Vos stalles seront inscrites.

Merci toujours. Je suis bien votre ami.

Victor H.[2]


Au Directeur du Musée des Familles[3].


[Décembre 1833.]
Monsieur,

Il demeure convenu entre nous que je fournirai des articles signés de moi au journal que vous publiez sous le titre de Musée des familles.

Que, particulièrement, j’en fournirai un d’ici au 8 janvier prochain, à charge par vous de publier cet article dans

Que mes articles me seront payés par vous à raison de deux francs par ligne de quarante-cinq lettres (entendant par ceci quarante-cinq lettres ordinaires et non quarante-cinq n.

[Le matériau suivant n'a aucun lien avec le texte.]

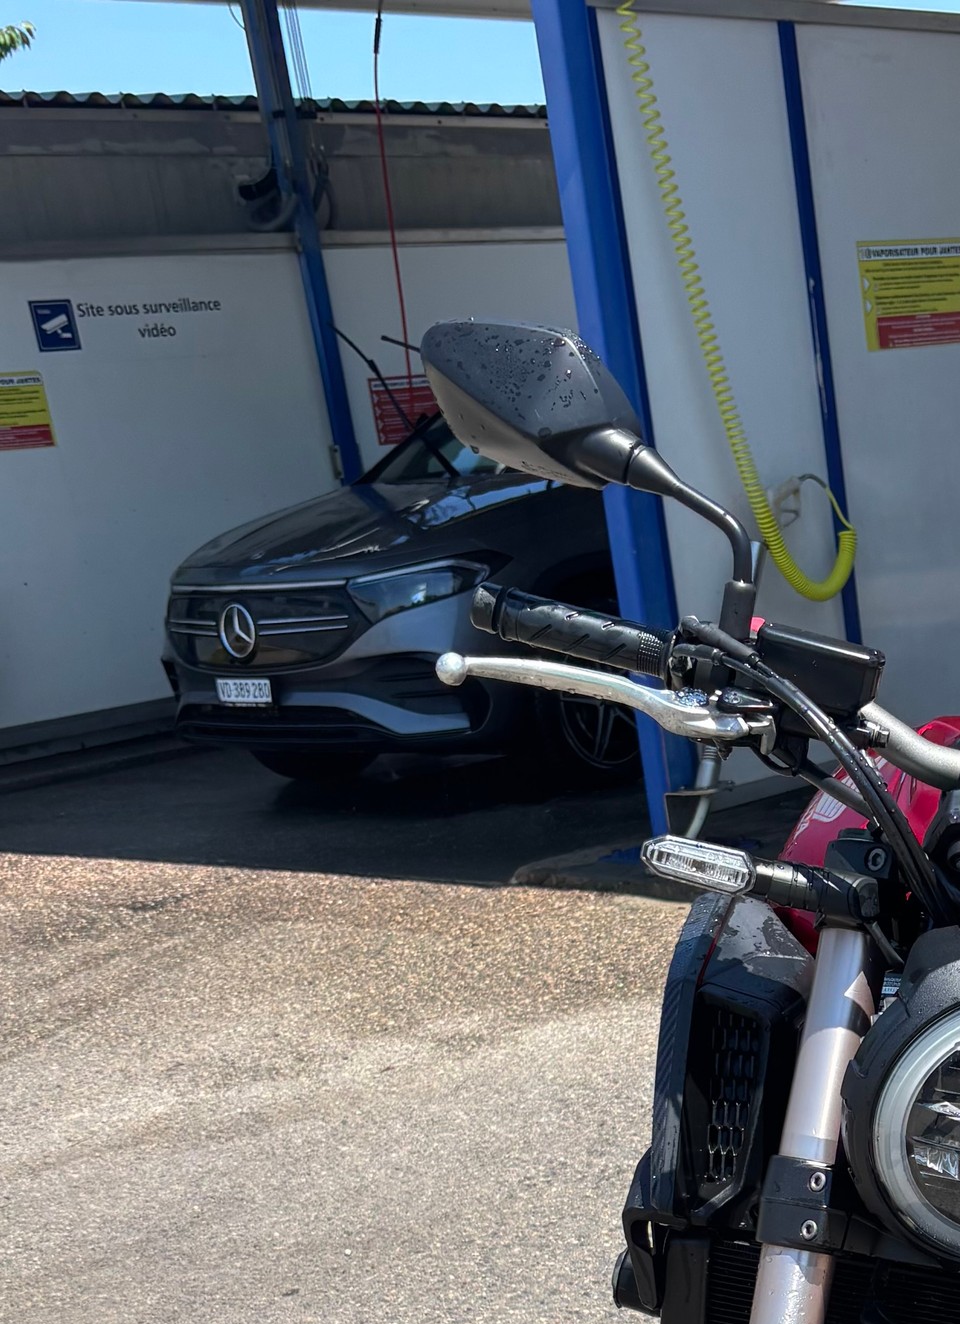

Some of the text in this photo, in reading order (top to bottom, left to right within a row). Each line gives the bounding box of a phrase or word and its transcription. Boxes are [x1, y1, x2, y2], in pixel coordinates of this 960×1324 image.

[76, 298, 221, 317] Site sous surveillance
[138, 323, 176, 338] vidéo

Que les lignes commençant et terminant les alinéas me seront comptées comme lignes entières.

Que dans le cas où l’un ou plusieurs de ces articles seraient une série de pensées détachées séparées par des filets ou par des chiffres, les blancs nécessaires à cette séparation me seraient comptés comme remplis.

Que le prix desdits articles sera payable comptant le jour même de leur publication. Qu’une fois les articles publiés dans le Musée des Familles, je

  1. Inédite.
  2. Bibliothèque Nationale. Nouvelles acquisitions françaises.
  3. Brouillon inédit. — L’un des directeurs du Musée des Familles était Émile de Girardin.